### Exercise instructions
Copy the records below in full, keeping each word as it is but omitting the pictures.

### Data in this exercise
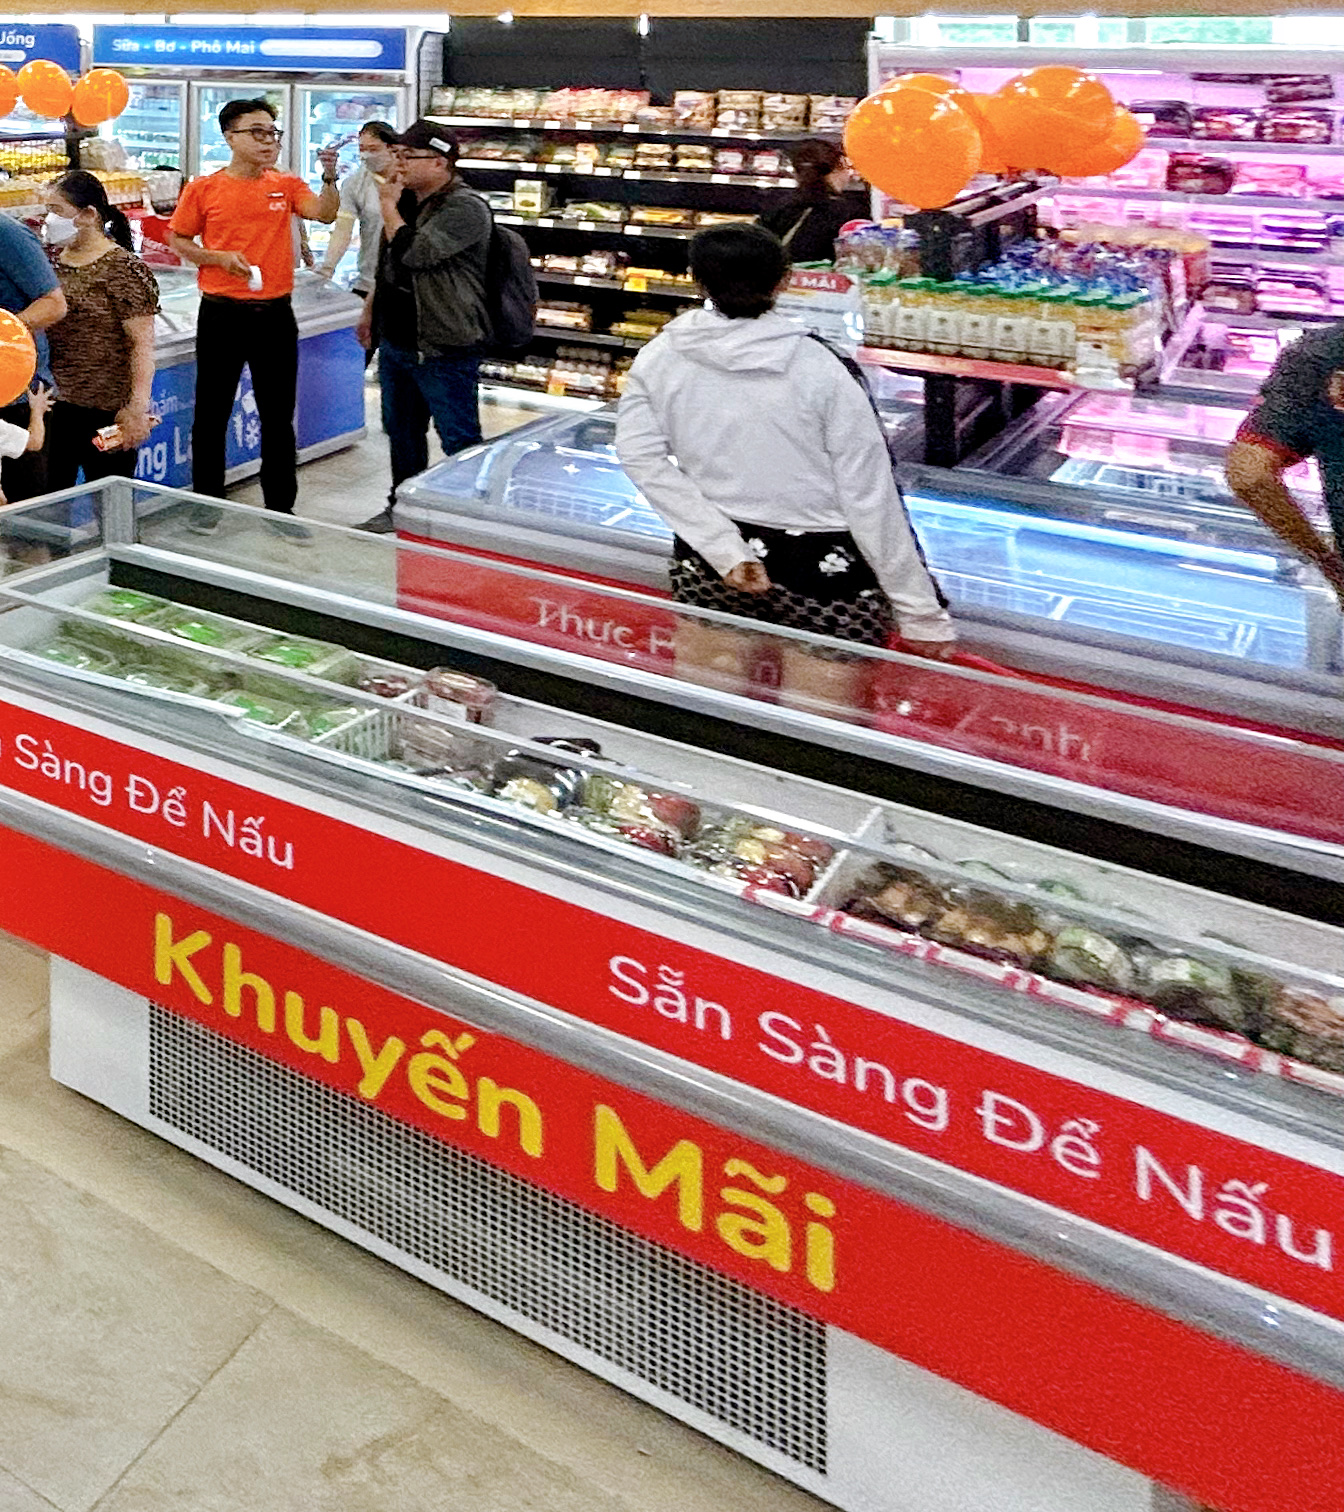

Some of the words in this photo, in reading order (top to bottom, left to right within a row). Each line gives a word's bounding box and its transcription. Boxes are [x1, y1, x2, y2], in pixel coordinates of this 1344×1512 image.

[113, 39, 140, 52] Sữa
[191, 39, 222, 54] Phô
[226, 40, 256, 54] Mai
[14, 734, 113, 807] Sàng
[124, 773, 188, 828] Để
[202, 800, 295, 870] Nấu
[152, 912, 543, 1159] Khuyến
[594, 1103, 837, 1292] Mãi
[608, 954, 731, 1042] Sẵn
[757, 1010, 949, 1132] Sàng
[977, 1087, 1104, 1180] Để
[1134, 1145, 1334, 1274] Nấu
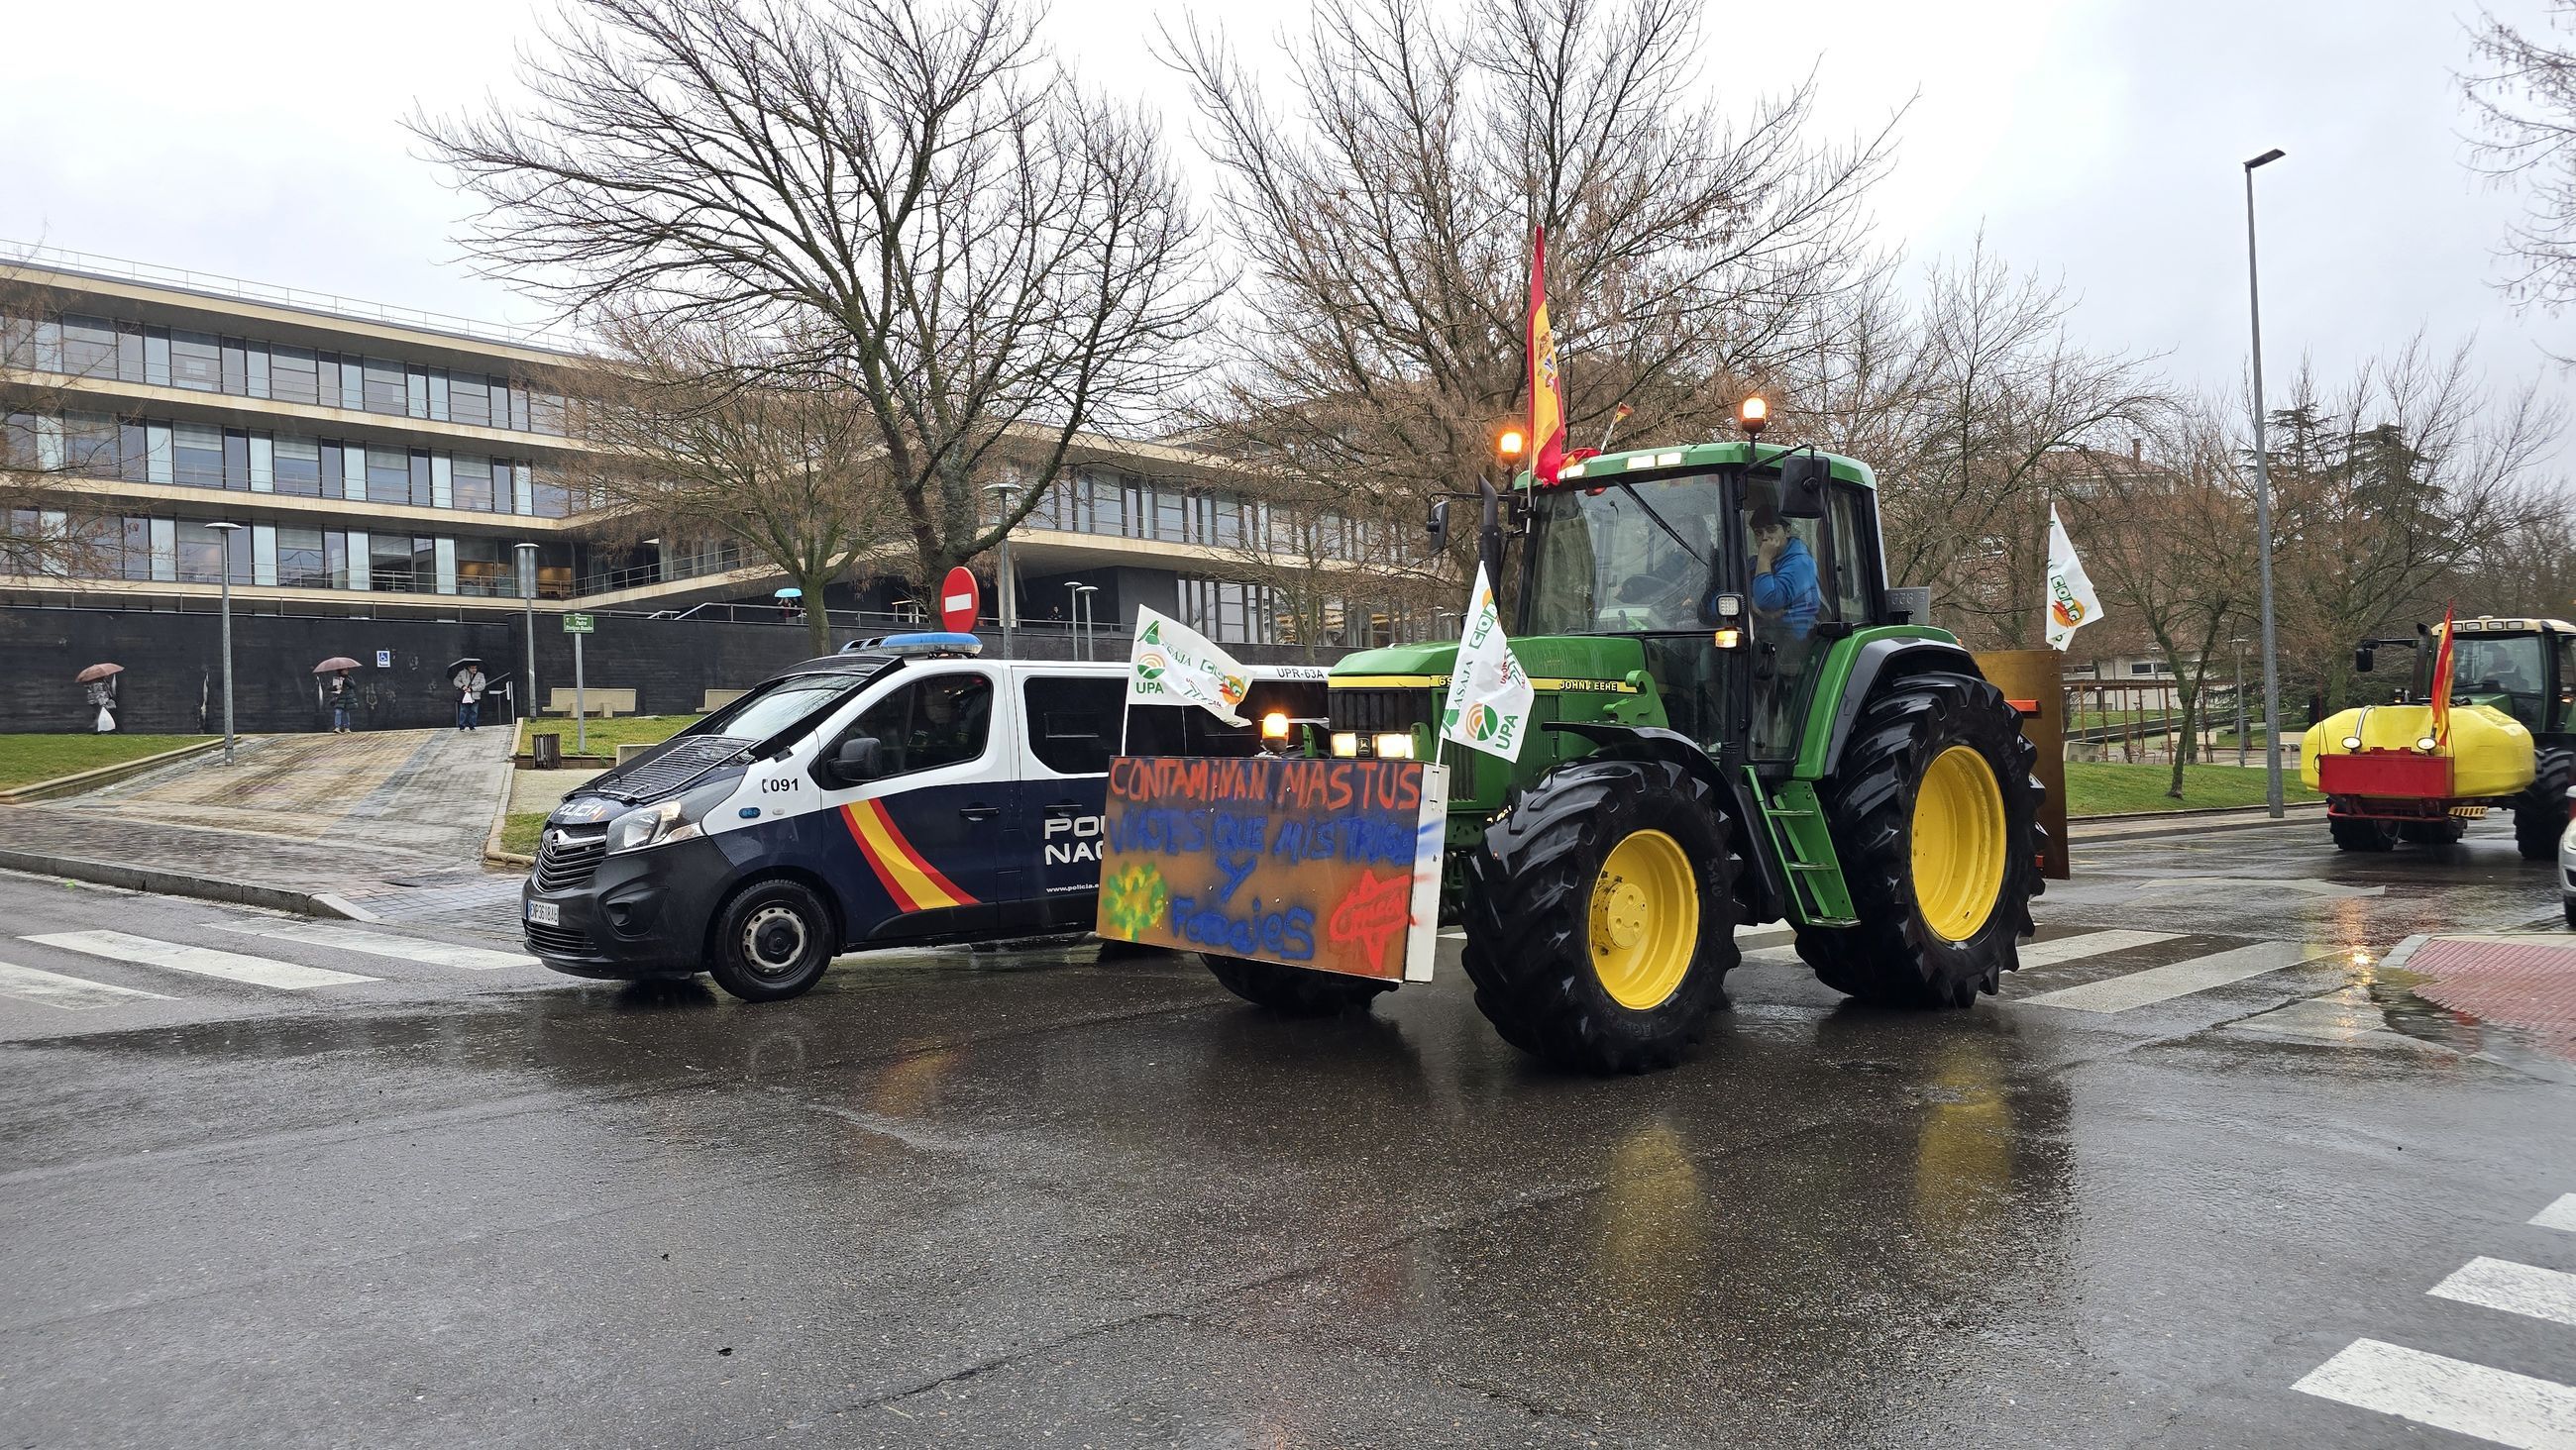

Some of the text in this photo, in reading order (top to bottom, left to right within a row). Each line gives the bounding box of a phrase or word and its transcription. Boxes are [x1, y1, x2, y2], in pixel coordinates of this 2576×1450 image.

[2051, 575, 2083, 621] COAG
[1276, 668, 1325, 679] UPR-63A
[1136, 681, 1164, 694] UPA
[1454, 661, 1473, 708] ASAJA
[1559, 679, 1586, 690] JOHN
[1495, 715, 1519, 750] UPA
[770, 777, 799, 792] 091

### Solved exercise
Some of the words in this photo, in reading order (top to bottom, left to right within a row). Each line gives a word's bounding box and its transcription. Boxes are [x1, y1, x2, y2], in pixel coordinates of this 1344×1512 image.

[113, 39, 140, 52] Sữa
[191, 39, 222, 54] Phô
[226, 40, 256, 54] Mai
[14, 734, 113, 807] Sàng
[124, 773, 188, 828] Để
[202, 800, 295, 870] Nấu
[152, 912, 543, 1159] Khuyến
[594, 1103, 837, 1292] Mãi
[608, 954, 731, 1042] Sẵn
[757, 1010, 949, 1132] Sàng
[977, 1087, 1104, 1180] Để
[1134, 1145, 1334, 1274] Nấu

Some of the text in this photo, in reading order (top to bottom, left to right within a row). Each line gives the bounding box of a phrase or word and its transcription. Boxes are [x1, y1, x2, y2], in pixel coordinates of this 2576×1450 image.

[2051, 575, 2083, 621] COAG
[1276, 668, 1325, 679] UPR-63A
[1136, 681, 1164, 694] UPA
[1454, 661, 1473, 708] ASAJA
[1559, 679, 1586, 690] JOHN
[1495, 715, 1519, 750] UPA
[770, 777, 799, 792] 091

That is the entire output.